夜已深,高履行仍披着裘衣,跪坐在房内书案前,静静注视着案上摇曳不定的烛火。
与皇家联姻,符合高家的利益,他也并不反对,当初太子说媒,高履行其实是很乐意的,其实早在太子说媒以前,高家便一直在寻求一个合适的契机向皇家求亲,没想到太子殿下居然主动为高家说媒,实在不知这是巧合还是太子早有谋算。
至于后来太子命人取出东阳公主的画像后,高履行委实有些喜出望外,东阳公主的相貌,身段,性格,无一不是上上之选,这简直就是意外的惊喜,从东宫回到府里,高履行甚至有些茶饭不思了,他觉得自己的前世一定积了不少德,所以今生不仅投了个好胎,而且上天还许给他一位才貌俱佳身份高贵的妻子。
人生完美到这般境界,高履行幸福得想哭。
谁知数日后峰回路转,朝臣爆出惊天大八卦,东阳公主竟与那个农户出身的泾阳县子有染,此事着实令高家面上无光。父子二人气得暗中咬碎了牙。

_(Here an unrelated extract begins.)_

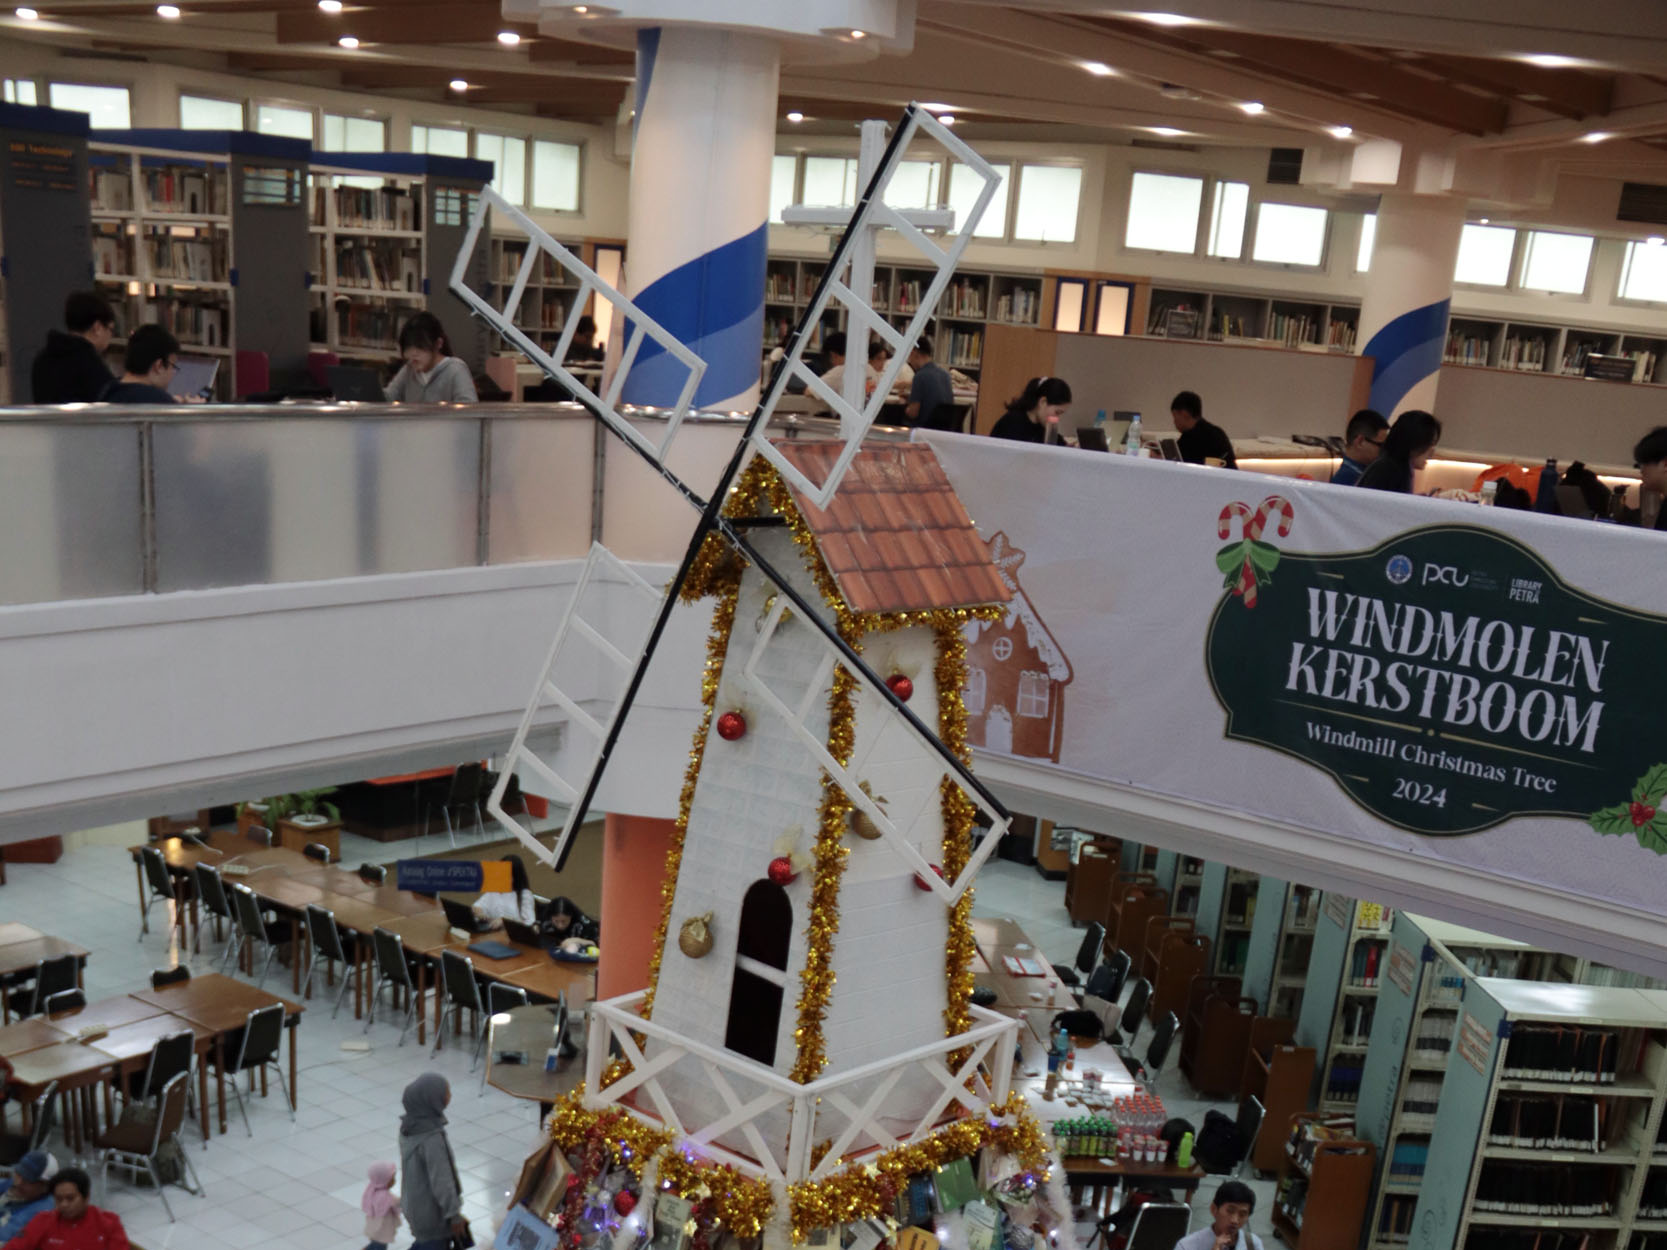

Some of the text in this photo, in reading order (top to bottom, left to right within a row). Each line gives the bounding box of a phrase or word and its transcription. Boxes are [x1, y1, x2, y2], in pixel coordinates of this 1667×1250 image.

皇家出了这么一桩丑闻,高家其实更难受,事发后高士廉打算进宫婉拒这门亲事,毕竟高家也是要脸面的,而且高家长子也没有高尚到当接盘侠的地步,可是这时高履行却拦住了父亲。
看过东阳公主的画像后。高履行已对她深深着迷,他本是世家纨绔子弟,经常混迹青楼楚馆,终日与娼妓厮缠,对于贞操这东西并不太看重,东阳绝色温婉的模样令他心驰神往,发誓定要将她娶回家中,至于她与李素的私情,高履行很大度地决定原谅。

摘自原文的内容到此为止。